Another bad habit I kicked.  Yay!

There's also the phrase "killing your darlings."  Some people become so in love with their concepts and characters that they don't recognize when it's not working for the overall story.  So they keep trying to shoehorn something that doesn't belong.  Don't be afraid to kill or maim a character you love.  Don't be afraid to take chunks of manuscript and toss them out.  It's fine.  No one has ever died from taking something out of a story.  Least I don't think...

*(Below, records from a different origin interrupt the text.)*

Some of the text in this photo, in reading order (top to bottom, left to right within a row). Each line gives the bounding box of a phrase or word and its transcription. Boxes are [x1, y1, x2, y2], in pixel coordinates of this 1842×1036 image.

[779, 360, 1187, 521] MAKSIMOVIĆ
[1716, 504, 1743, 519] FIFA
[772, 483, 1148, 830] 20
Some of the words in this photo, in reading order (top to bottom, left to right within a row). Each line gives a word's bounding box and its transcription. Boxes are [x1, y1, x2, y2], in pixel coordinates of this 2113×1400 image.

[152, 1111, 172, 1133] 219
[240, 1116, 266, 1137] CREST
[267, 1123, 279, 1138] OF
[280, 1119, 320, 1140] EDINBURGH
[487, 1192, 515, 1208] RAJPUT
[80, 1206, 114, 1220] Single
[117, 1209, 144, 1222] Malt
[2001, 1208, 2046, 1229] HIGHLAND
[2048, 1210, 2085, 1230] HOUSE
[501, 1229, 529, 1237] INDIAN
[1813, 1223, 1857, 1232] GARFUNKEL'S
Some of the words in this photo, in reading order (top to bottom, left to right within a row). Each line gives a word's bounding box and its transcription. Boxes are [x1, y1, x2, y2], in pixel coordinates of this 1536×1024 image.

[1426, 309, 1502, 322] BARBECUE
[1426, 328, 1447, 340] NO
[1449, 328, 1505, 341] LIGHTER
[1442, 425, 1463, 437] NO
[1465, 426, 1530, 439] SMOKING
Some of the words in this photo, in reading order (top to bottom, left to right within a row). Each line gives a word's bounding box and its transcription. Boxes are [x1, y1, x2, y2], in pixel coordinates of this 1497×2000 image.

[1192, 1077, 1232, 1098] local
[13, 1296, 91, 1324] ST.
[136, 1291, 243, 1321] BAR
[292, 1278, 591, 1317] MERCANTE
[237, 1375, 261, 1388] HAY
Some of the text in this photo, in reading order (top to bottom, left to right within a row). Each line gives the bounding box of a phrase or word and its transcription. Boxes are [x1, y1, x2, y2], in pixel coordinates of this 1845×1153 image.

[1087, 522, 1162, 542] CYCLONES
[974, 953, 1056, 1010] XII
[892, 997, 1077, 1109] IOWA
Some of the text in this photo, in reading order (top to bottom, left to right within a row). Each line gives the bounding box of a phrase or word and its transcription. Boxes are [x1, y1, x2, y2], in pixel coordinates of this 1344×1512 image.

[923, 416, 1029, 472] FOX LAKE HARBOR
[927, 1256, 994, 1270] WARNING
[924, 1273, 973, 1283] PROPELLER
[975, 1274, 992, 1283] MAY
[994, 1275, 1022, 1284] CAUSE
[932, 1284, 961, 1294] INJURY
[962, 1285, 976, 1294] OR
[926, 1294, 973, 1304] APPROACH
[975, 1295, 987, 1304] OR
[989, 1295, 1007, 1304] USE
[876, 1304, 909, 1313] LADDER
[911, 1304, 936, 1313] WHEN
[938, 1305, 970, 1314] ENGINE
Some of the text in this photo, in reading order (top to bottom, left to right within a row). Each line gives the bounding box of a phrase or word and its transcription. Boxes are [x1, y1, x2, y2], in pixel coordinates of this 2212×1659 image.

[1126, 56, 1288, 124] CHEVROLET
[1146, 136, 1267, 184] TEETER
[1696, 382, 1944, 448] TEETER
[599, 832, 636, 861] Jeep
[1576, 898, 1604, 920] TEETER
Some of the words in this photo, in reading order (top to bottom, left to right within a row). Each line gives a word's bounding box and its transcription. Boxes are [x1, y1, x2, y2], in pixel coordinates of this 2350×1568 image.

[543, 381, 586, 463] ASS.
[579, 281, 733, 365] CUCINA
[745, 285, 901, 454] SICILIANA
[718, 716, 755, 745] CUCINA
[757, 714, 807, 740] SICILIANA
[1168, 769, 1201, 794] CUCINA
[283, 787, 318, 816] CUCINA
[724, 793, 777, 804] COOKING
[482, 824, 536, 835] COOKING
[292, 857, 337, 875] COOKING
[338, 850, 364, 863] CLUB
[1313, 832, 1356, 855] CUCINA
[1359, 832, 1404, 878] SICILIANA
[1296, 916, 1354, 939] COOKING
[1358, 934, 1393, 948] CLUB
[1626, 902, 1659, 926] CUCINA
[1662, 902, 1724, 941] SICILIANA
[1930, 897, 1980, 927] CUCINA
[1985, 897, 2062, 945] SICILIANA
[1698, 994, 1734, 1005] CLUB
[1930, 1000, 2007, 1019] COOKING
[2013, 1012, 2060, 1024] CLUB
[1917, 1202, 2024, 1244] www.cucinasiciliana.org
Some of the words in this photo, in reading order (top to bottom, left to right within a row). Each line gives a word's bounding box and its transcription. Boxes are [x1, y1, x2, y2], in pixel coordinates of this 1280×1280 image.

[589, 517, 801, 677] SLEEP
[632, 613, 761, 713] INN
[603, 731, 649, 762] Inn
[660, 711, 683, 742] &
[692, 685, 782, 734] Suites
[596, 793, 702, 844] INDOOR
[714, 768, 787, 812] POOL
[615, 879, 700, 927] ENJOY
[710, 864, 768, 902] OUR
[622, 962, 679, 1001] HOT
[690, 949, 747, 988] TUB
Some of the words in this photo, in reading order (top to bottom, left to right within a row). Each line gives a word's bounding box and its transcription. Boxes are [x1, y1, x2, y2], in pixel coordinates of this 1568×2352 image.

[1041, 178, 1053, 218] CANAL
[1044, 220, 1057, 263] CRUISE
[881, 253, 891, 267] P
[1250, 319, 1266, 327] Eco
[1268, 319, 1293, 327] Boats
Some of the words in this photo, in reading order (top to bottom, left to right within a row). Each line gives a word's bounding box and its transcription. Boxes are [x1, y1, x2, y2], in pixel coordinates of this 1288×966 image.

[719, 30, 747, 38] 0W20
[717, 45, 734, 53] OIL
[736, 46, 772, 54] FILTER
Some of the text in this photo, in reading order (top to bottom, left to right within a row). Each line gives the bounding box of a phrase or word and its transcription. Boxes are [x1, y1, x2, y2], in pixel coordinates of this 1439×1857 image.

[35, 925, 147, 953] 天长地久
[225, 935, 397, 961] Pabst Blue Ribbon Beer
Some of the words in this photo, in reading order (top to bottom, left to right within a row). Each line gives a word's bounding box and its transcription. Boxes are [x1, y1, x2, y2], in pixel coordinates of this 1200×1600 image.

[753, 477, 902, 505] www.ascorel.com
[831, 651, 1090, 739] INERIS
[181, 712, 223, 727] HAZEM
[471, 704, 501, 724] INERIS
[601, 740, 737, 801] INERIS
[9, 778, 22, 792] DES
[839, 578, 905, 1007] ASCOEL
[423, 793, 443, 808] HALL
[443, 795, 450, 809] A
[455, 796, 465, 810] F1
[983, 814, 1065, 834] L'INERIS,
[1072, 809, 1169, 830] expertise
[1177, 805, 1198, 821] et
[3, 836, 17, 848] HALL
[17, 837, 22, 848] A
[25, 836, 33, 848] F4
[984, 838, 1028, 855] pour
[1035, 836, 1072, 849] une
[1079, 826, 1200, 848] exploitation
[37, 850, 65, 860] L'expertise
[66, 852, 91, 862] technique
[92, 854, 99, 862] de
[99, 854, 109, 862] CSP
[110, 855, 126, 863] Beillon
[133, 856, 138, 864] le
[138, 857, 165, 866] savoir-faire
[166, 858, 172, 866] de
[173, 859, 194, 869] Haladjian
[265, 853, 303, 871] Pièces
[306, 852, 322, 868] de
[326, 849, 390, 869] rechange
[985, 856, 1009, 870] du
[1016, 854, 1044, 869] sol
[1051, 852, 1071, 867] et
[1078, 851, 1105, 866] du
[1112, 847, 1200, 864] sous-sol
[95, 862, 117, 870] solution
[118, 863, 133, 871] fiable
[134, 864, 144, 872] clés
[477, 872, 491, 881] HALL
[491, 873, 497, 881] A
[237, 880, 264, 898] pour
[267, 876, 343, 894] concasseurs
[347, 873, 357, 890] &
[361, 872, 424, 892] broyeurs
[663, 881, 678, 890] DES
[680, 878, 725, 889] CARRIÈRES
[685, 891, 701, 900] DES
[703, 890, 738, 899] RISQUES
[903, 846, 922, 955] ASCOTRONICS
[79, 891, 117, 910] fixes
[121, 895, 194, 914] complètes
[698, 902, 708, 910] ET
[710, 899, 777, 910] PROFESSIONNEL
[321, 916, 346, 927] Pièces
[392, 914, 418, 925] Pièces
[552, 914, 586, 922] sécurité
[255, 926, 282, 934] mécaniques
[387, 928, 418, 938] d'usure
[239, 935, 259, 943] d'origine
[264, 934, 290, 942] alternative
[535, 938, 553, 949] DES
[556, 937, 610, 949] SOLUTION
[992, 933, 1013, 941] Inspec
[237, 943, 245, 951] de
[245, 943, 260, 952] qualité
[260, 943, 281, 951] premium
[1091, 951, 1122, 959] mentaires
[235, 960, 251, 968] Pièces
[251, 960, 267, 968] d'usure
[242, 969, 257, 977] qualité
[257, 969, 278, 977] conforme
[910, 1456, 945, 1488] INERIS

Bad habit three that I kicked.  

Just some food for thought.   May not help you much, but these habits really slowed me down over the years.


----------



## Chilari (Mar 2, 2011)

Well, I think Phil's got the main ones covered there. I'd like at add descriptions of characters: a lot of starting-out writers, not just fantasy writers, describe characters in very particular terms: short or tall, hair colour, eye colour, and nothing else unless the character has a scar, or the writer describes the character as "beautiful" or "handsome" without qualifying it or without recognising that this is a value judgement and making it the opinion of another character.

Eye colour in particular annoys me. I don't think I could tell you the eye colour of anyone I know except my immediate family, my fiance, and my best friend. Not even some of my closest friends, including two of my housemates. It's not something I notice, and in any case eye colour isn't relevant to the story, or if it is, it's generally (not always) a badly done cliche or a stupid unexplained weird eye colour. On the topic of stupid eye colours, words used to describe both eye and hair colours annoy me too, and seem juvenile - topaz eyes should only be used when describing a piece of artwork where topazes have been used for the eyes. If a character has blue eyes, say they're blue. Pale blue, bright blue, sky blue, dark blue. Not topaz or sapphire or peacock or any nonsense like that.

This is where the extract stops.